Сама ли "мать всех обездоленных" отправила письмо куда следует, или кто-то еще, только без вины виноватого Юру забрали. В Казани он написал письмо начальнику тюрьмы: "Гусаров – артист, его надо беречь. Его плохо кормят, он худеет. А если он умрет, сын его останется сиротой, сделается беспризорником и пойдет воровать". Юра жаловался, что по ночам его койка подымает-ся под потолок и кружит по палате. Еще он часто вспоминал медсестру, которая была ему как мать, а потом утопилась в Волго-Доне и теперь она русалка... Увидев беременную сестру в нашей больнице, Юра сказал: – У нее скоро родится маленькая русалочка...

РУССКИЙ НАЦИОНАЛИСТ СОЛДАТОВ

Саша Солдатов (однофамилец коротковолновика Вени) до войны был милиционером, со службой справлялся успешно, был политически грамотен, прилежно вникал в Эрфуртскую программу и в ошибки Бунда. Однажды вернулся домой, намереваясь освежить в памяти тезисы, но застал свою жену в полном синтезе с непосредственным начальником. Произошел взрыв противо-речий, скачок, как учит диамат – и Сашка убил обоих из нагана (ее не хотел, но заслоняла). Получил шесть лет, отсидел четыре (вообще работу на лесоповале трудно назвать сидением). Началась война. Поскольку Солдатов не был врагом всего прогрессивного, ему доверили защиту родины в штрафном батальоне.

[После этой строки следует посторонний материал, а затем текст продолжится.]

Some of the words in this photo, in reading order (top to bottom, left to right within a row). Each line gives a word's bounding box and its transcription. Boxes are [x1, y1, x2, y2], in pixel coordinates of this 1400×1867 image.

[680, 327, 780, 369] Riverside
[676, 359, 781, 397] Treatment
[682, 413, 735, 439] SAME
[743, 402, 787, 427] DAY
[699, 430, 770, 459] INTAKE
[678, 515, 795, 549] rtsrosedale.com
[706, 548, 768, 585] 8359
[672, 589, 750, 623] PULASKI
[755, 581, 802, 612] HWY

Что ни день Сашка глядел в глаза смерти, и все-таки она его обходила. В конце концов, он счел это необъяснимым чудом и перед каждой атакой стал молить Бога о дальнейшем снисхождении. Бог был к нему милостив. Они очень сблизились и дальнейшее руководство Сашкиной жизнью Бог целиком взял на себя. После войны он посоветовал ему начать сапожничать, и Сашка был доволен своим ремеслом не меньше, чем прежде работой в милиции, но в один прекрасный день Всевышний внушил ему собрать все портреты, все вырезки из газет, все политические книги и старые комсомольские документы и сжечь во дворе, и при этом еще сподобил на произнесение страстной проповеди, которая была по достоинству оценена как бывшими товарищами по милиции, так и соответствующими органами.

Начав свой жизненный путь в милиции, а закончив в лоне православной церкви, Солдатов пытался всех убедить, что для России вполне достаточно этих двух организаций – административной и идеологической, и находил веские аргументы для обоснования этого утверждения.

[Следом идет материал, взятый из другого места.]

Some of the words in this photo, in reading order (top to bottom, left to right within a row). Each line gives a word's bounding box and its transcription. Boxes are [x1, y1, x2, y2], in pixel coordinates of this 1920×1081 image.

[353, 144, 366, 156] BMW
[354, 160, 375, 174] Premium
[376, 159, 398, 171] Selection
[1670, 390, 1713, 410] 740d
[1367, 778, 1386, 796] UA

– Ты на ком женат? – спрашивал он меня.

– На армянке.

– Это хорошо. Увеличиваешь нашу нацию – сын будет русский. Вот если дочь, надо следить, чтобы не вышла за чечмека. А жениться можно хоть на еврейке – все наше будет.

Сашка называл себя русским нацистом и считал предателем всякого, кто "уменьшает" русскую нацию. В Казани он сильно присмирел, не требовал уже роспуска партии и КГБ и только шёпотом отваживался иногда поделиться своими соображениями:

– Ты понял, о чем фильм? (Нам показали "Красную шапочку".)

– Сказка для детей.

– Сказка? Да ты ничего не понял! Красная шапочка – это православная церковь, а серый волк – я уже догадался – коммунистическая партия!

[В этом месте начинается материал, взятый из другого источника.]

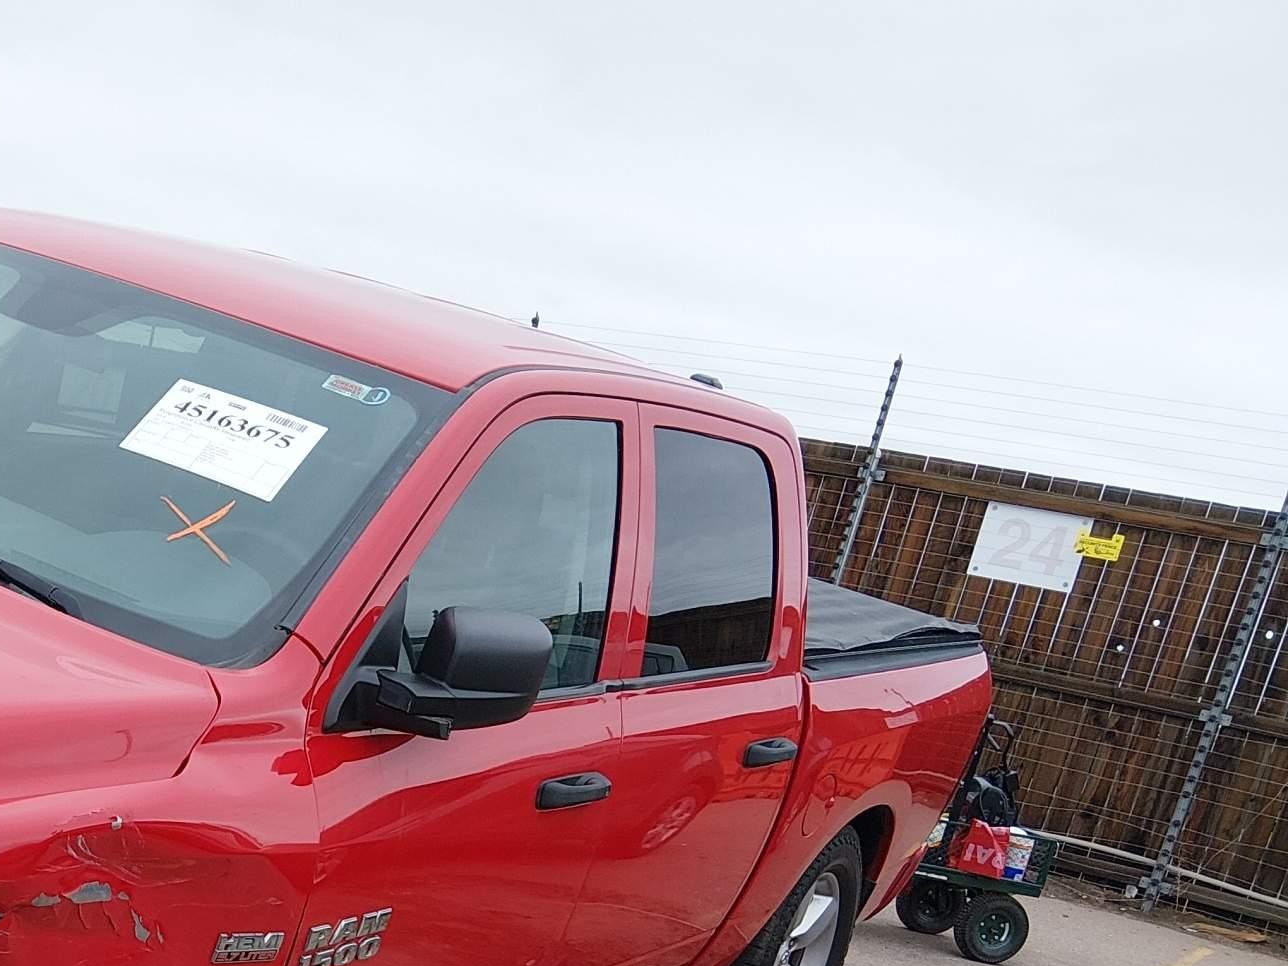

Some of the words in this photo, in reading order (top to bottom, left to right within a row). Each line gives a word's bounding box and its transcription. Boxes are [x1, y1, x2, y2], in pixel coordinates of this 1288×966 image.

[174, 400, 295, 449] 45163675
[987, 517, 1069, 576] 24
[216, 932, 285, 951] HEMI
[305, 907, 393, 951] RAM
[239, 950, 276, 961] LITER
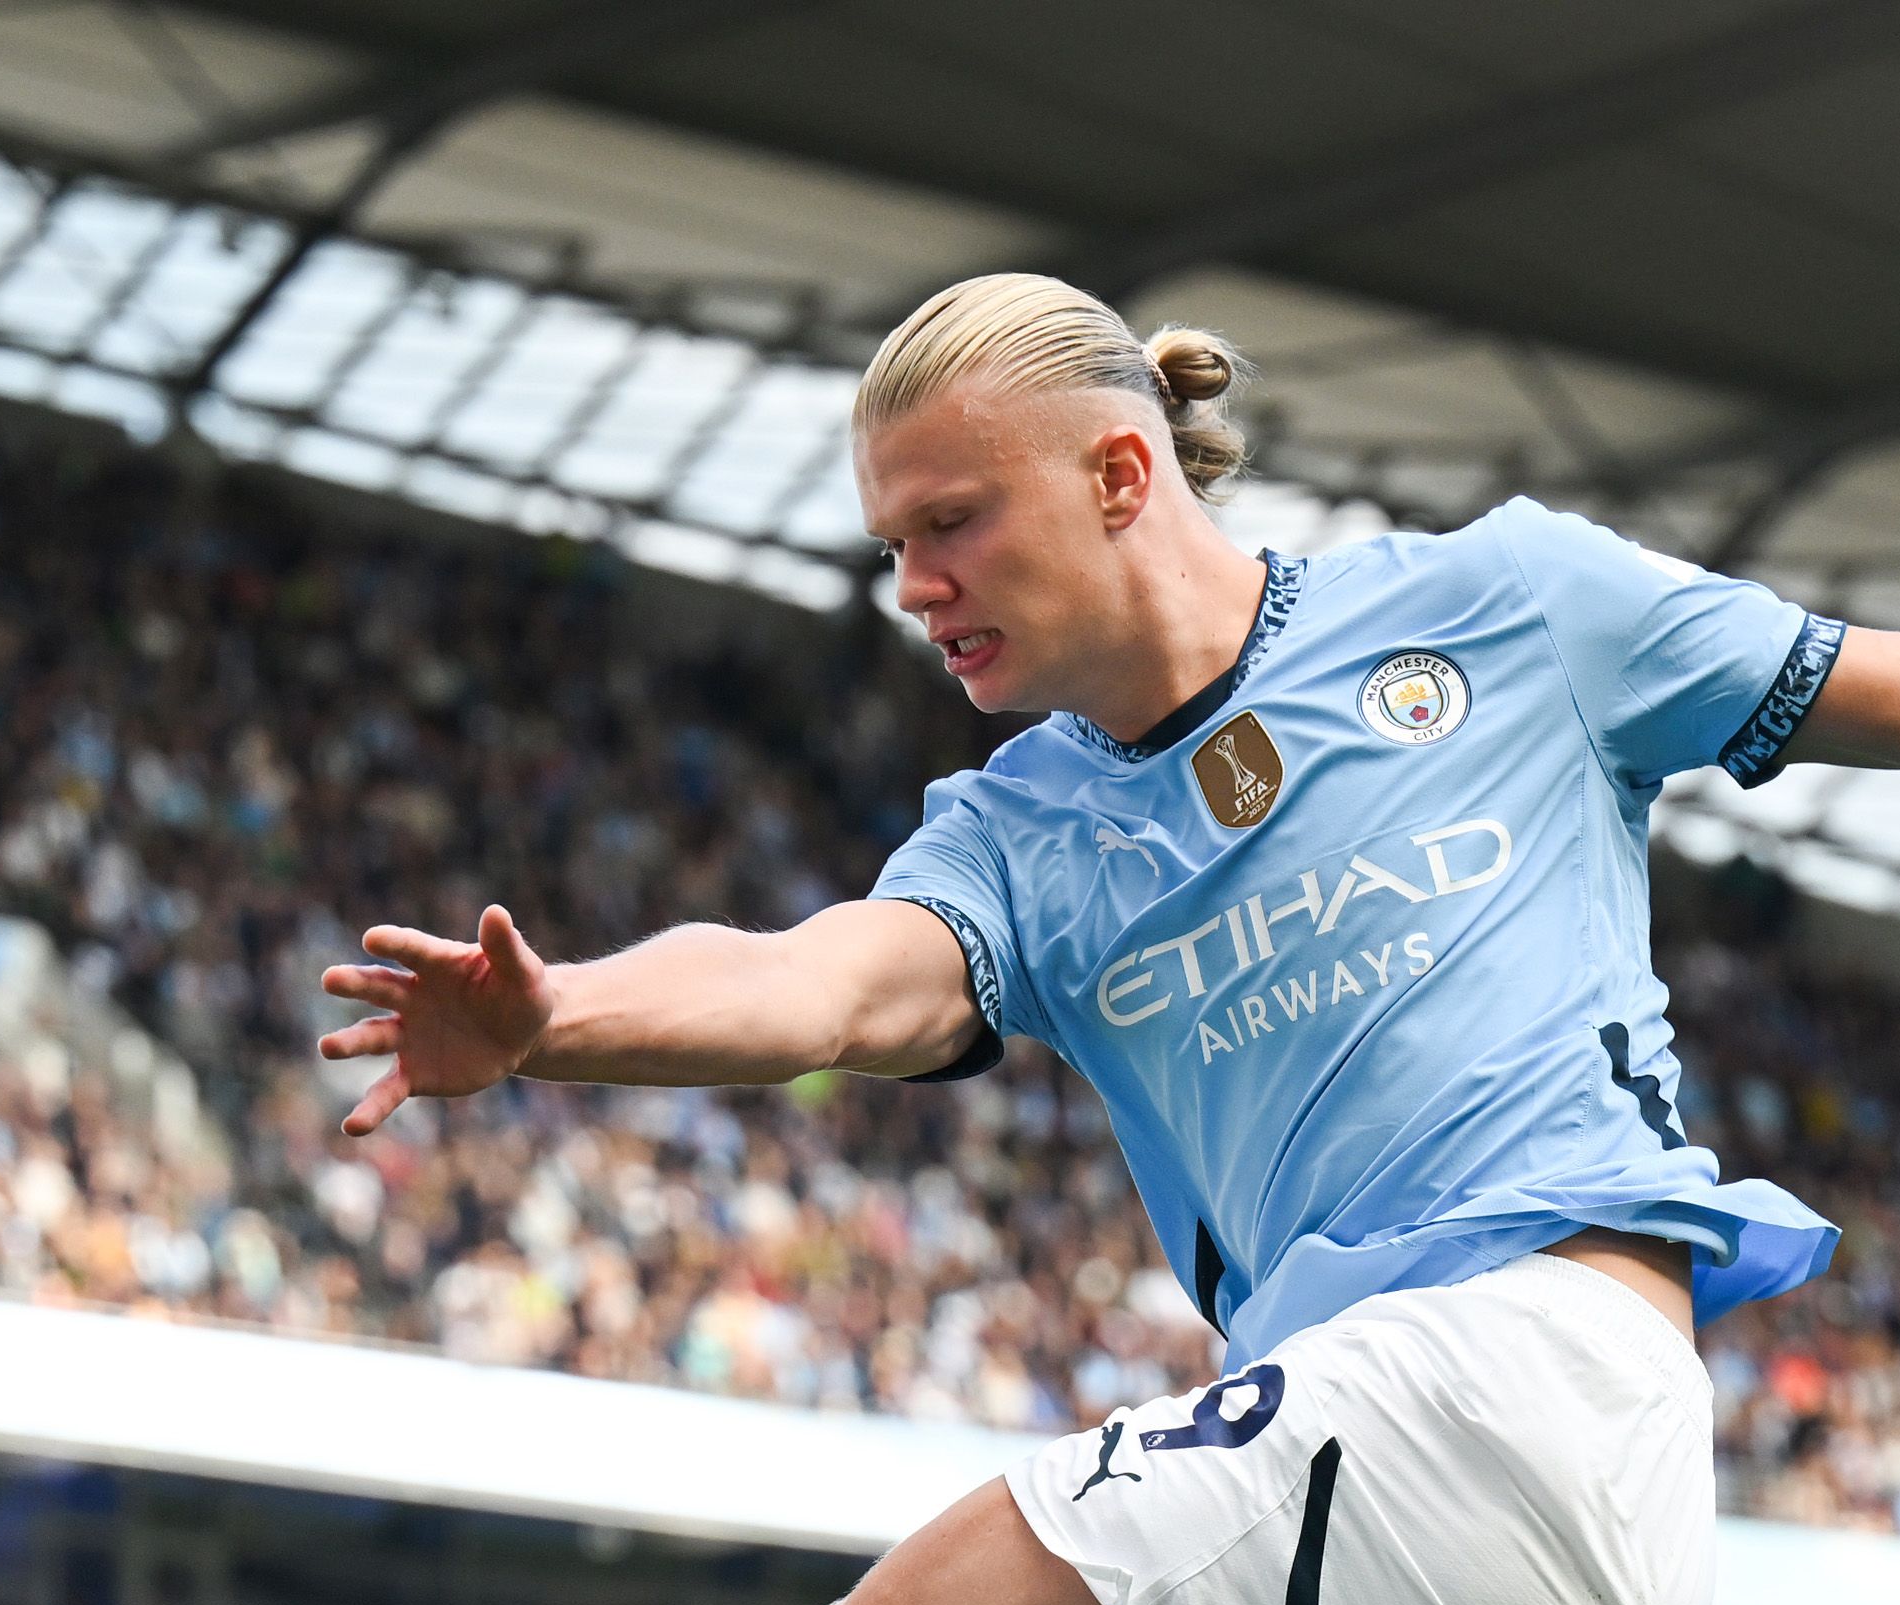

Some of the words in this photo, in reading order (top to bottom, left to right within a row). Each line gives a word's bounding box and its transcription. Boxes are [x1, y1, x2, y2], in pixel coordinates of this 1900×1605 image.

Подобным образом он расшифровал и фильм "Садко", и вообще, кого ни назови, всем у него находилось место, все персонажи делились на союзников и врагов. Мне это скоро надоело и я перестал интересоваться, кто есть кто, коротко бросал: "понял", не вникая во взаимоотношения Анны с Вронским и без Сашки Солдатова достаточно запутанные.

Если бы он чокнулся в духе генеральной линии партии, из него получился бы замечательный современный редактор или цензор, никакой подтекст не остался бы невыявленным. Теперь у нас снимают с постановки только "Доходное место" и "Трех сестер", а уж под его надзором не видать бы нам и мультфильмов.

ГИМН СОВЕТСКОГО СОЮЗА

Вариантов было множество. Один мне читал еще Геништа, я попросил переписать, но он отказал: "Бумага этого не терпит, учите так". Я поленился. Текст Игоря Стрельцова, с которым судьба свела меня в Казани, был слабее, меньше напоминал гимн, но с бумагой и он не в ладах:

Жандармом Европы, тюрьмою народов

Явилась ты снова, Великая Русь.

Будь проклят ты, созданный сталинским сбродом,

Голодный и злобный Советский Союз!

Дальше шли всякие "художественности":

Во зле и разврате погрязла Россия,

О братстве народов рассеялся миф,

И кровью окрашенный стяг тирании

Над миром парит, как над падалью гриф!

Воркутинский вариант, помнится, начинался так: "Союз угнетённых республик голодных..."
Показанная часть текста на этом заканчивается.